Stored entries

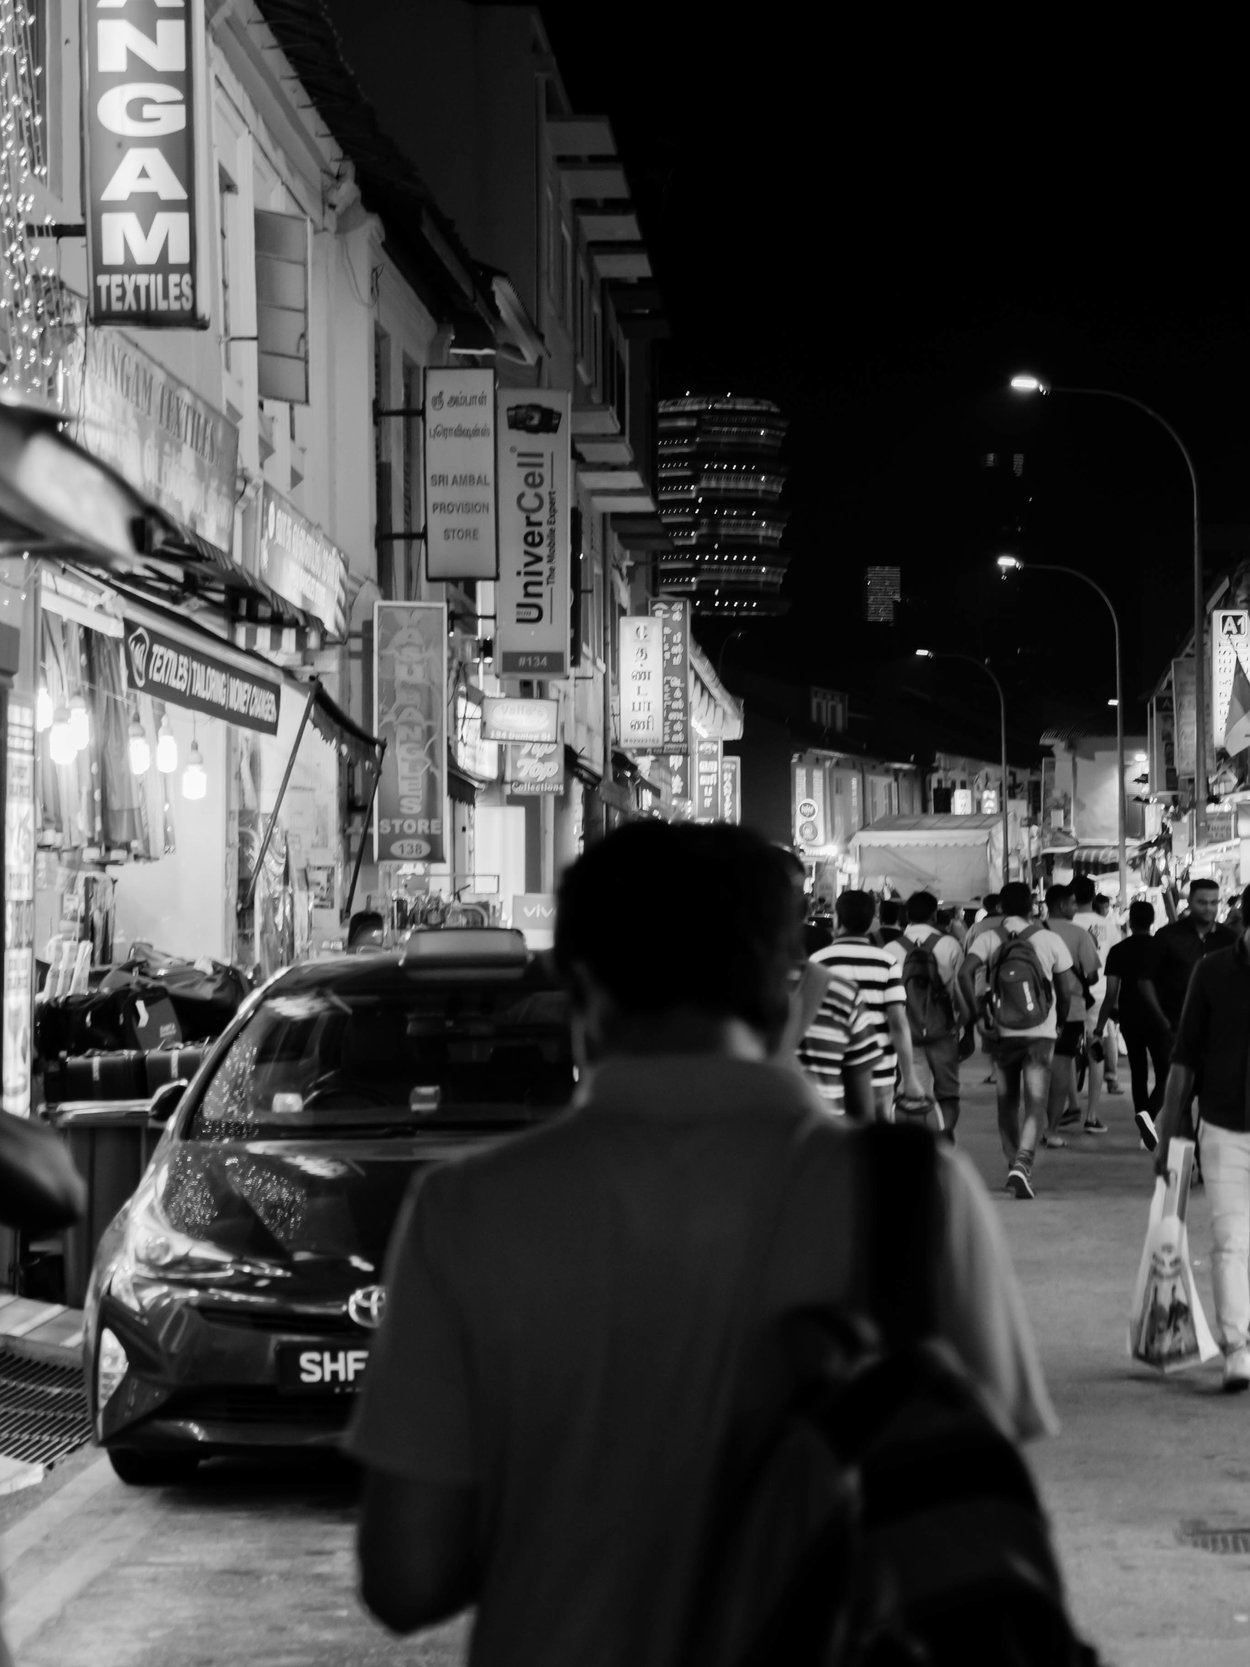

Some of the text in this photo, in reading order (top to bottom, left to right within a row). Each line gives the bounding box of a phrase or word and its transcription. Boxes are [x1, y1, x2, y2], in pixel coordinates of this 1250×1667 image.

[97, 0, 190, 266] NGAM
[96, 274, 193, 311] TEXTILES
[157, 381, 217, 465] TEXTILES
[430, 473, 490, 487] SRI AMBAL
[431, 501, 490, 515] PROVISION
[545, 489, 558, 526] Expert
[443, 528, 480, 541] STORE
[516, 451, 545, 625] UniverCell
[1223, 614, 1246, 635] A1
[517, 655, 548, 668] #134
[149, 643, 189, 693] TEXTILES
[191, 660, 227, 707] TAILORING
[516, 757, 559, 783] Top
[511, 781, 565, 794] Collections
[378, 818, 442, 835] STORE
[397, 841, 423, 856] 138
[523, 903, 555, 919] viv
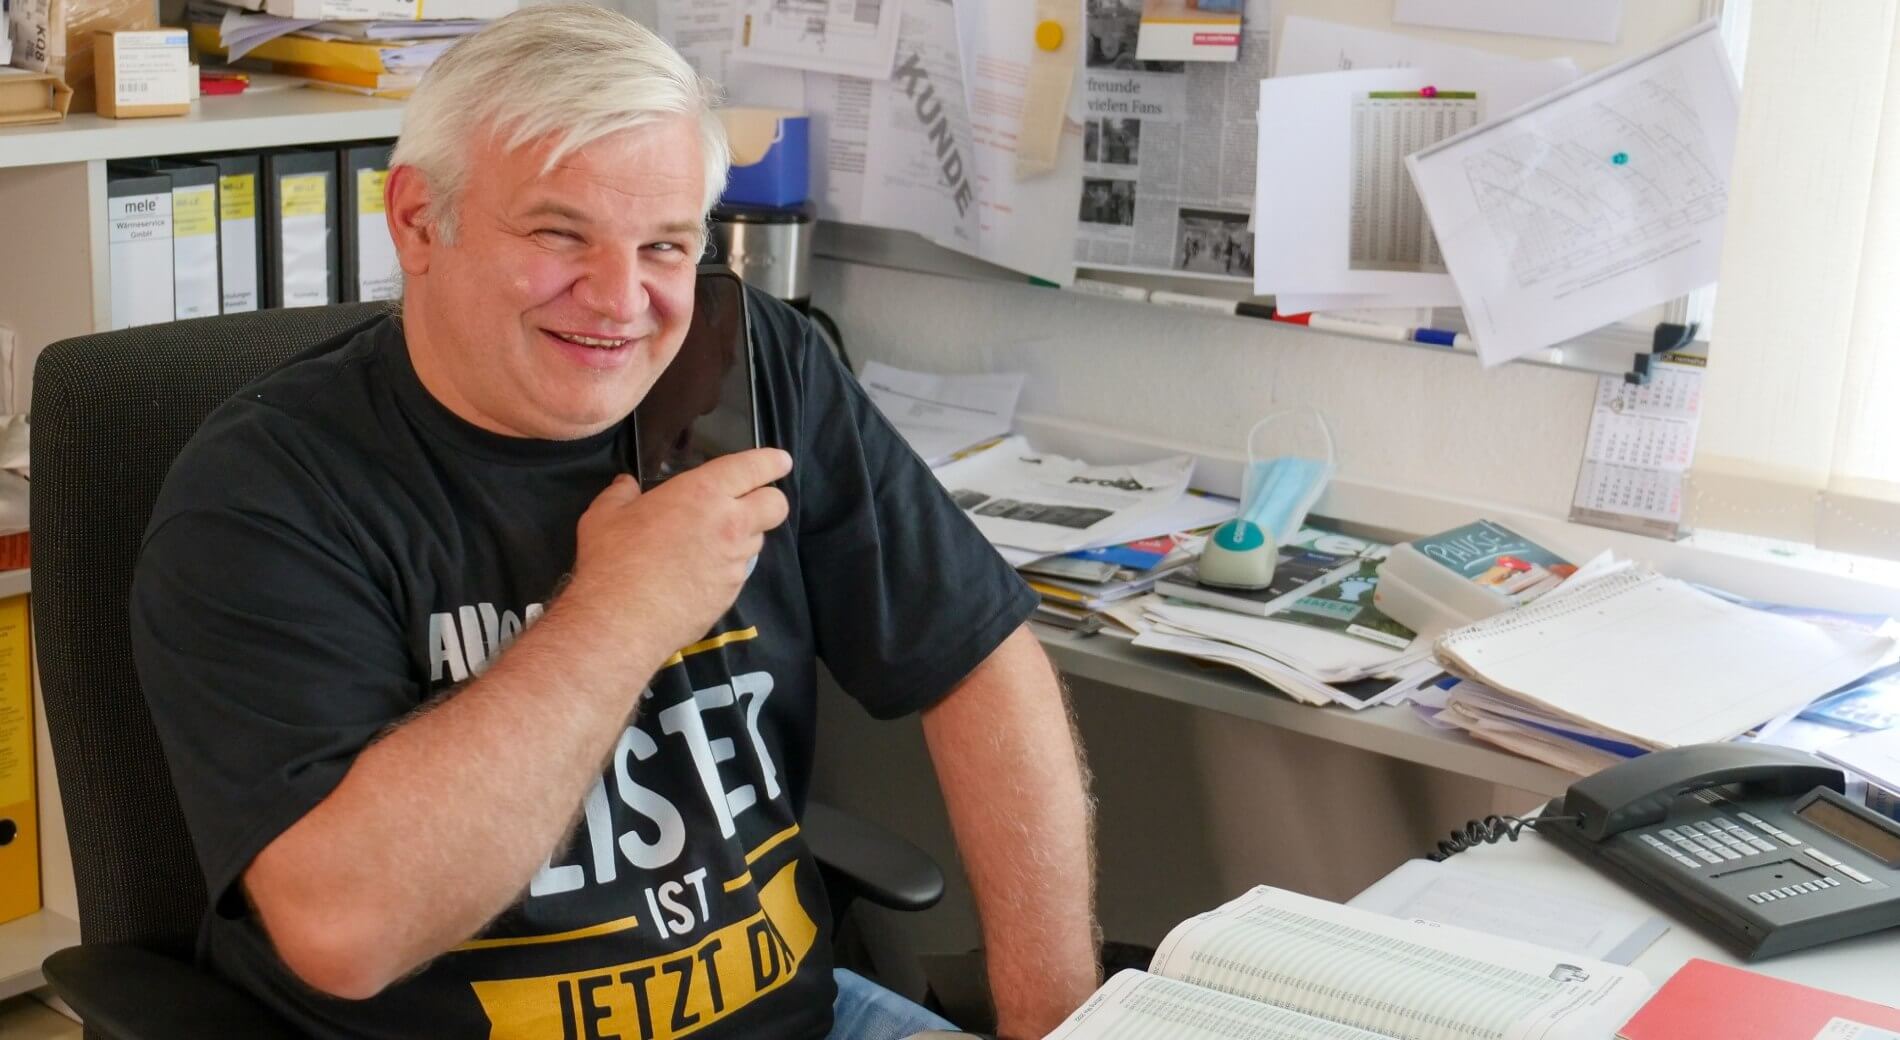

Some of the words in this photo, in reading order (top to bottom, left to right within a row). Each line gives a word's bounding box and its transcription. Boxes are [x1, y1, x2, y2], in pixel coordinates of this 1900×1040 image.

# [ACTIVITY]
The result should be the same data as above, line for line, with the pictures gone.

# [WRITTEN SOLUTION]
Some of the text in this photo, in reading order (top to bottom, left to right within a row). Each line gives the bounding box of a phrase or word and its transcription. Boxes are [x1, y1, x2, y2], in pixel coordinates of this 1250×1667 image.

[97, 0, 190, 266] NGAM
[96, 274, 193, 311] TEXTILES
[157, 381, 217, 465] TEXTILES
[430, 473, 490, 487] SRI AMBAL
[431, 501, 490, 515] PROVISION
[545, 489, 558, 526] Expert
[443, 528, 480, 541] STORE
[516, 451, 545, 625] UniverCell
[1223, 614, 1246, 635] A1
[517, 655, 548, 668] #134
[149, 643, 189, 693] TEXTILES
[191, 660, 227, 707] TAILORING
[516, 757, 559, 783] Top
[511, 781, 565, 794] Collections
[378, 818, 442, 835] STORE
[397, 841, 423, 856] 138
[523, 903, 555, 919] viv

Some of the words in this photo, in reading order (top to bottom, left to right within a row). Each line gives a word's bounding box and its transcription. Boxes are [x1, y1, x2, y2], in pixel coordinates of this 1900×1040 image.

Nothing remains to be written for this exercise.